START The data

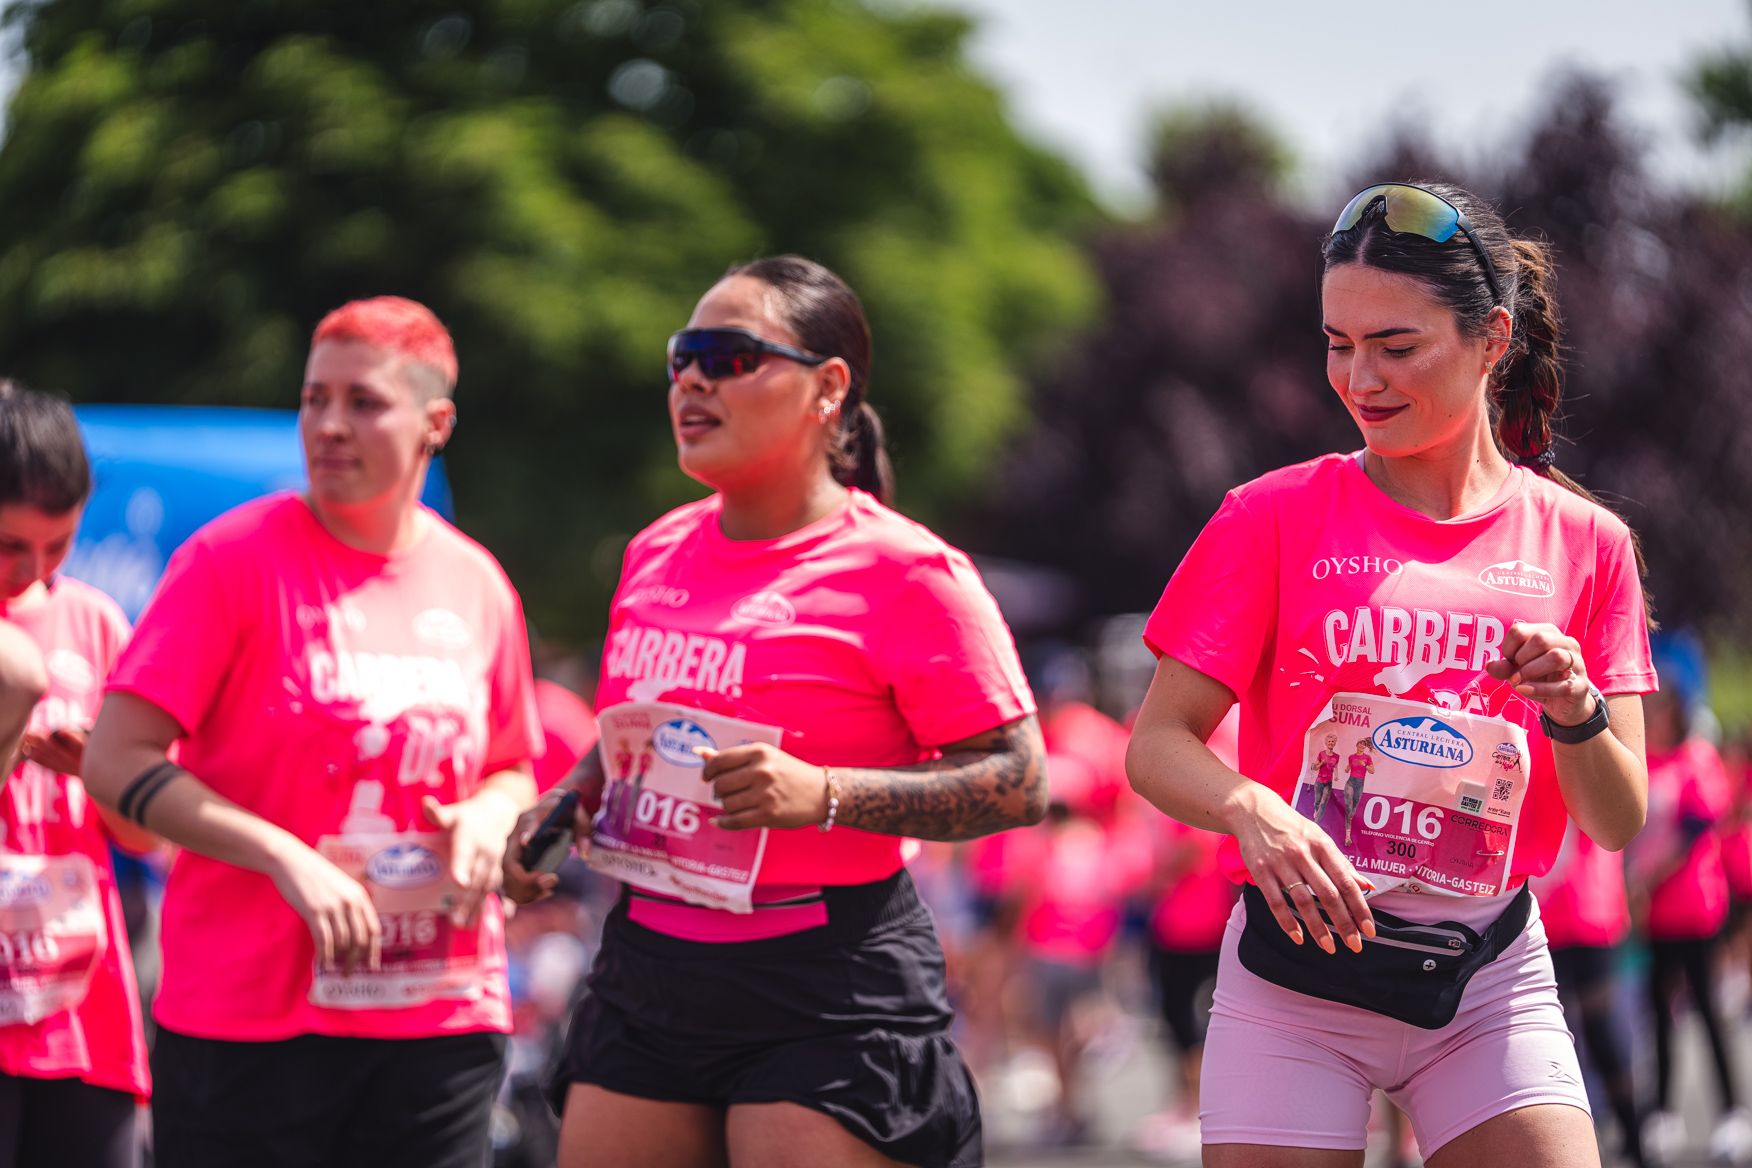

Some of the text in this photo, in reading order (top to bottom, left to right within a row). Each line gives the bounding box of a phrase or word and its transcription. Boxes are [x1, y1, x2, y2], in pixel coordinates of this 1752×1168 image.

[1312, 556, 1404, 580] OYSHO
[1485, 571, 1552, 594] ASTURIANA
[1323, 606, 1508, 672] CARRER
[1328, 710, 1370, 729] SUMA
[1340, 703, 1373, 716] DORSAL
[1379, 728, 1465, 763] ASTURIANA
[1396, 729, 1465, 748] CENTRAL LECHERA
[635, 791, 700, 834] 016
[1363, 796, 1445, 841] 016
[1451, 814, 1509, 837] CORREDORA
[1384, 833, 1411, 842] VIOLENCIA
[1386, 840, 1417, 859] 300
[1355, 856, 1369, 868] LA
[1370, 858, 1407, 875] MUJER
[1415, 865, 1497, 895] ITORIA-GASTEIZ

END The data

#### Task statement:
The answer is the full listing above, reproduced character for character, minus its images.

#### Answer to this problem:
Some of the text in this photo, in reading order (top to bottom, left to right within a row). Each line gives the bounding box of a phrase or word and its transcription. Boxes are [x1, y1, x2, y2], in pixel coordinates of this 1752×1168 image.

[1312, 556, 1404, 580] OYSHO
[1485, 571, 1552, 594] ASTURIANA
[1323, 606, 1508, 672] CARRER
[1328, 710, 1370, 729] SUMA
[1340, 703, 1373, 716] DORSAL
[1379, 728, 1465, 763] ASTURIANA
[1396, 729, 1465, 748] CENTRAL LECHERA
[635, 791, 700, 834] 016
[1363, 796, 1445, 841] 016
[1451, 814, 1509, 837] CORREDORA
[1384, 833, 1411, 842] VIOLENCIA
[1386, 840, 1417, 859] 300
[1355, 856, 1369, 868] LA
[1370, 858, 1407, 875] MUJER
[1415, 865, 1497, 895] ITORIA-GASTEIZ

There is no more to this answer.